Todos nós já sofremos por amor e sabemos o quanto custa. Mas porque é que um “coração partido” dói tanto? Os cientistas explicam que um desgosto de amor é um fenómeno universal semelhante à síndrome de abstinência causada pela droga, conta o ABC.

O professor de psicologia da Universidade Autónoma de Madrid, Manuel de Juan Espinosa, diz que o desgosto amoroso e a síndrome de abstinência são “tremendamente parecidos” e não é o único. São vários os psicólogos que relacionam o enamoramento com a síndrome de abstinência, explicando que os dois partilham uma série de comportamentos (compulsivos e obsessivos): perda de controlo, dependência emocional, distorção da realidade, súbitas mudanças de humor e ansiedade.

O amor e o desamor são duas faces da mesma moeda. Primeiro sobem os níveis de dopamina e oxitocina no cérebro e fazem sentir apego e prazer. Depois provoca a falta de apego e sintomas de ansiedade e mal-estar” explica o investigador do Instituto de Neurociências de Alicante, Juan Lerna.

Por sua vez, os investigadores Boelen, Reijntjes e Fisher dizem que o desgosto amoroso “representa uma das experiências mais traumáticas, angustiantes e desconcertantes que uma pessoa pode experimentar” e que até pode “doer” mais do que a morte de um ente querido.

As fases de um desgosto de amor

Tudo começa com a incredulidade, protesto e reforço do apego. “O cérebro aterroriza-se e reage como se estivesse frente a uma ameaça. O sistema imunitário enfraquece e sobem os níveis de stress”, o que pode gerar dor física, descreve Espinosa. Durante esta fase é comum a pessoa envolver-se com ex-namorados. Em casos mais extremos, o desgosto pode levar à depressão e a comportamentos suicidas e homicidas.

Mas porque parece que não podemos viver sem a outra pessoa? É que as hormonas influenciam as emoções com o cérebro a libertar cortisol (a hormona do stress) e os níveis de serotonina a diminuir, que reduzem a capacidade de se ser racional.

A segunda fase é mais calma, com a aceitação do desgosto. É uma mistura de resignação, desesperança e pessimismo. A superação é, essencialmente, uma “questão de tempo” e os antidepressivos não ajudam, uma vez que inibem certas hormonas que permitem o interesse por outras pessoas.

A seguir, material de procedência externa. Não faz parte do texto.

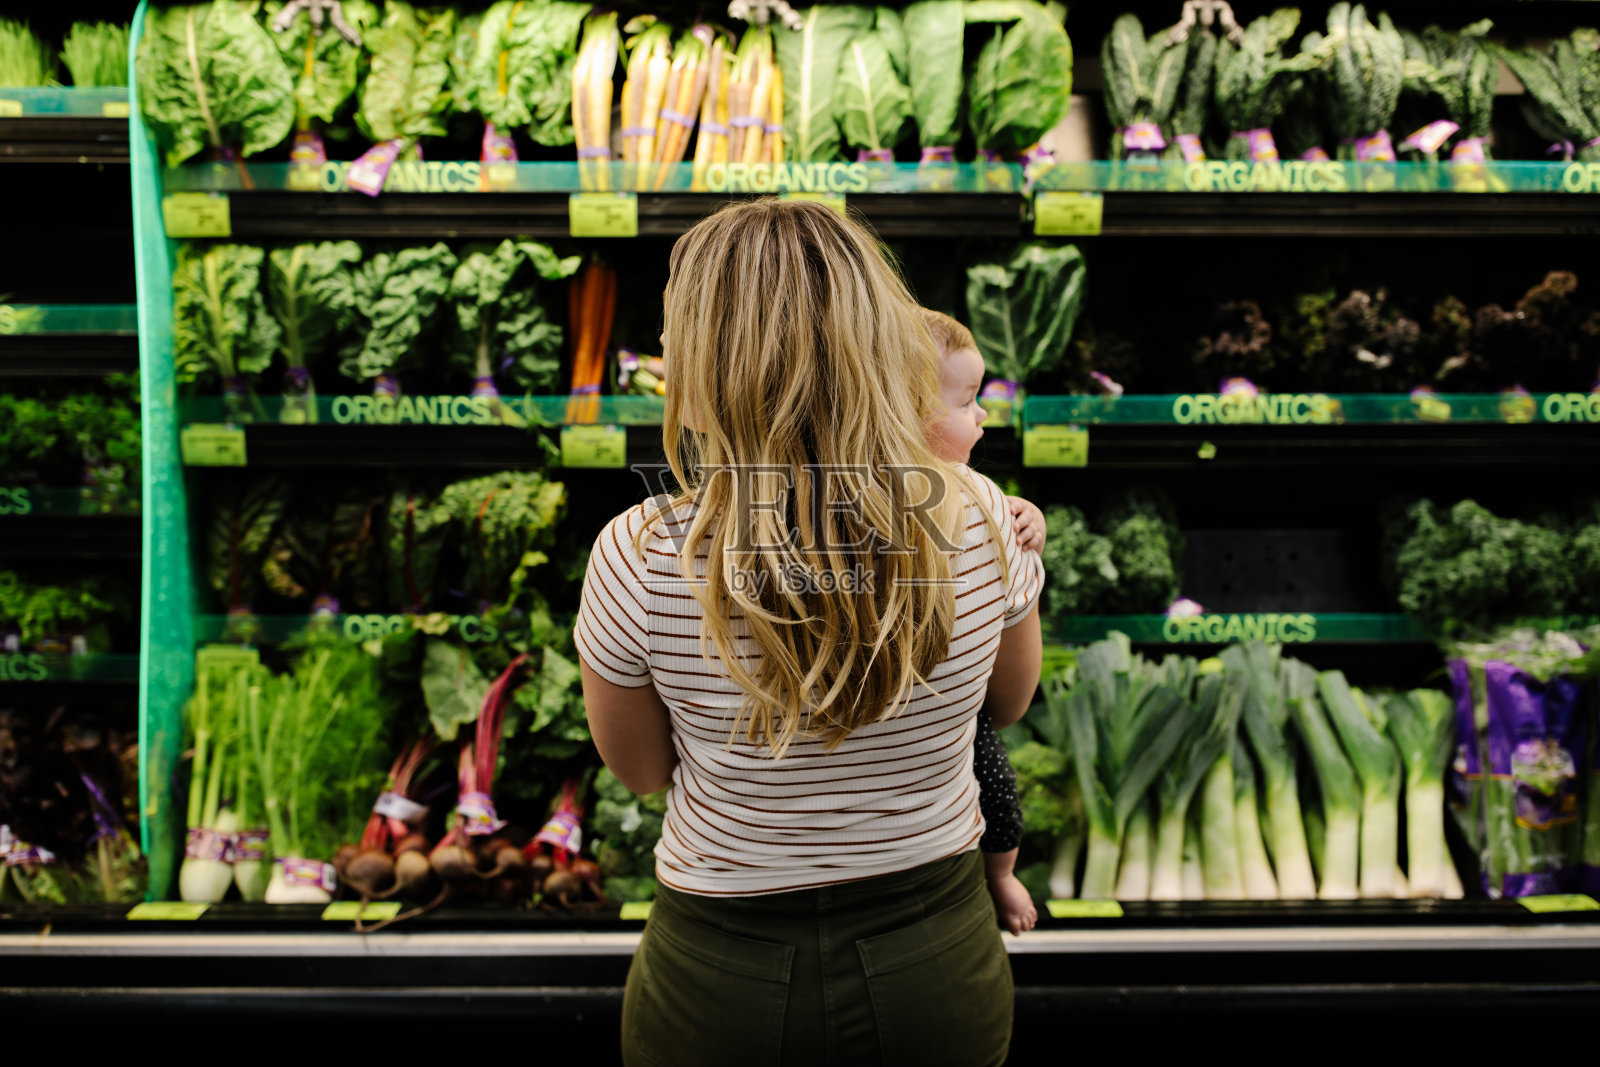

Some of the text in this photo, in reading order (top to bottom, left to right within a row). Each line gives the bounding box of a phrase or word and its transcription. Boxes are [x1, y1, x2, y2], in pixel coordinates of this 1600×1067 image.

A última etapa é a reorganização. “Pouco a pouco o cérebro volta a recuperar a normalidade. É verdade que a dor pode provocar um ‘mordisco’ no estômago de vez em quando, mas vai ser cada vez menos frequente” diz Espinosa. A recuperação pode levar meses ou até anos, dependendo da pessoa, mas há formas de acelerá-la como mudar de rotina, estar com os amigos, visitar novos lugares, dançar, ouvir música, comer e fazer exercício físico.